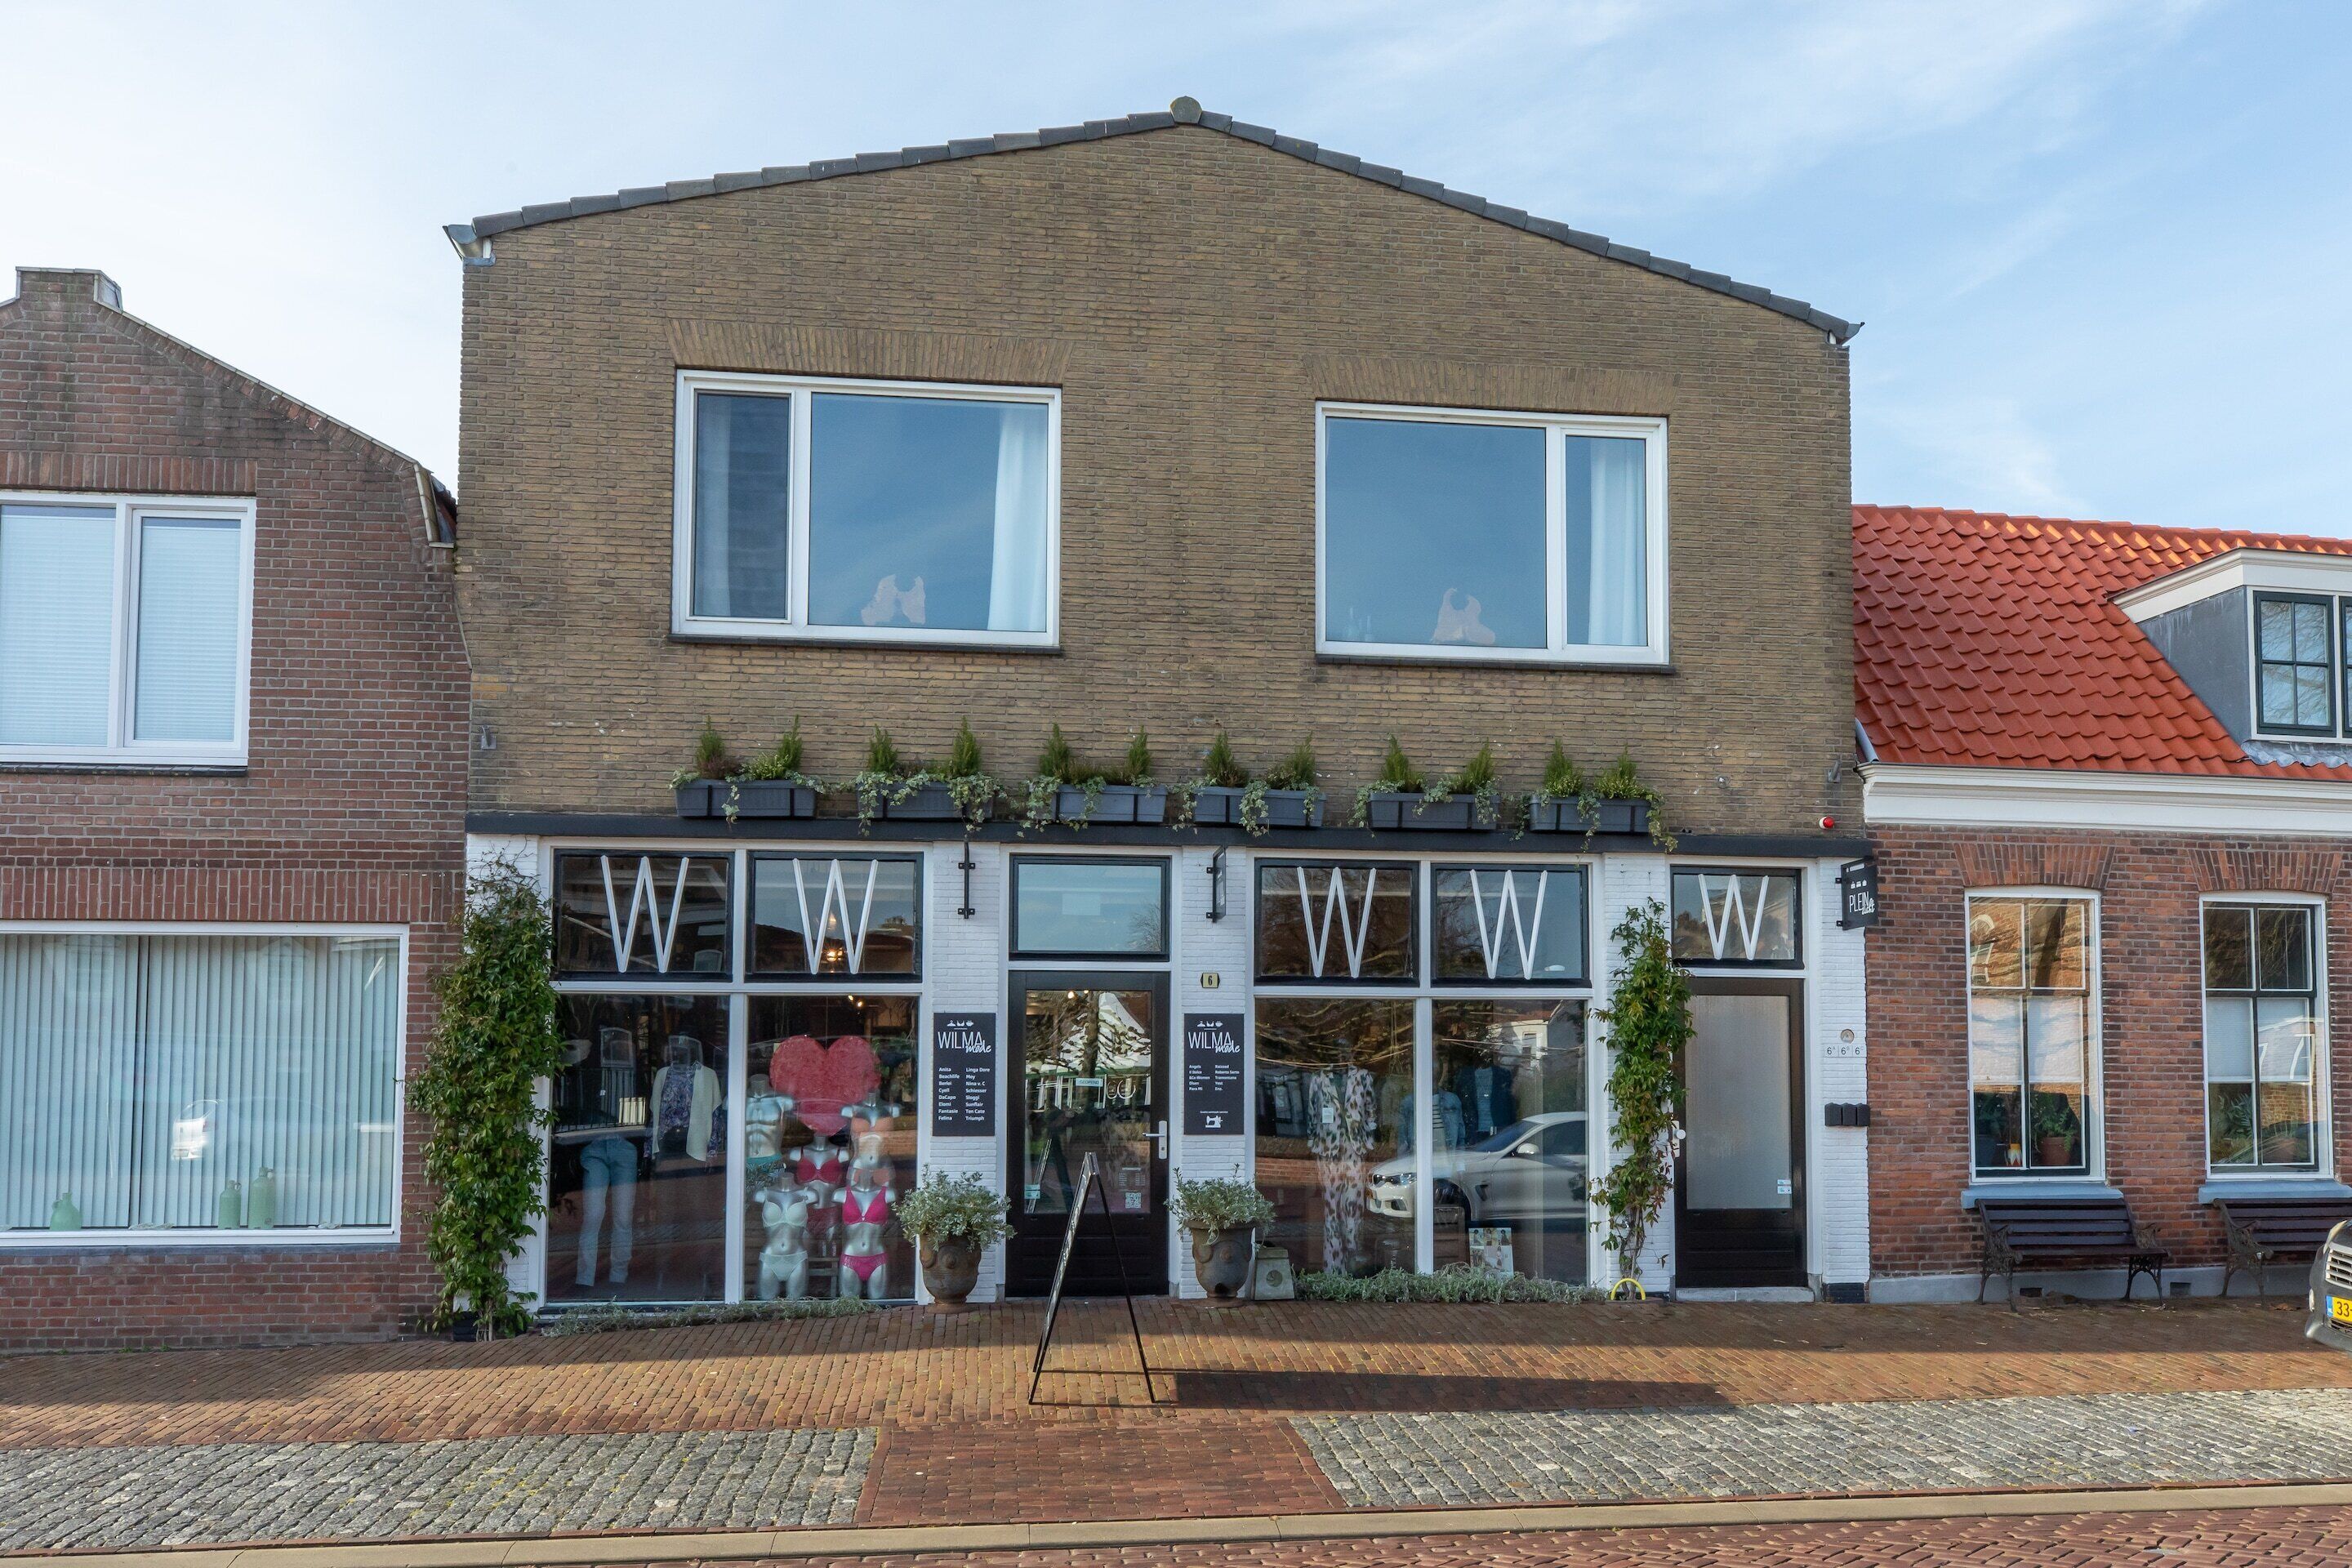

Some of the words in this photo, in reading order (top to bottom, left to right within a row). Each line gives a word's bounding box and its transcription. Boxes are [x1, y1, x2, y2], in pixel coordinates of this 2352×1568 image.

[1849, 891, 1869, 913] PLEIN
[600, 855, 688, 973] W
[793, 858, 878, 974] W
[1297, 866, 1376, 978] W
[1470, 869, 1547, 979] W
[1698, 873, 1768, 960] W
[1208, 975, 1213, 986] 6
[938, 1031, 983, 1049] WILMA
[965, 1040, 991, 1054] mode
[1188, 1031, 1232, 1049] WILMA
[1214, 1040, 1241, 1054] mode
* * * *
## Problem to solve
When you retype the material above, keep every word exact and drop the images.

## Output for this task
Some of the words in this photo, in reading order (top to bottom, left to right within a row). Each line gives a word's bounding box and its transcription. Boxes are [x1, y1, x2, y2], in pixel coordinates of this 2352×1568 image.

[1849, 891, 1869, 913] PLEIN
[600, 855, 688, 973] W
[793, 858, 878, 974] W
[1297, 866, 1376, 978] W
[1470, 869, 1547, 979] W
[1698, 873, 1768, 960] W
[1208, 975, 1213, 986] 6
[938, 1031, 983, 1049] WILMA
[965, 1040, 991, 1054] mode
[1188, 1031, 1232, 1049] WILMA
[1214, 1040, 1241, 1054] mode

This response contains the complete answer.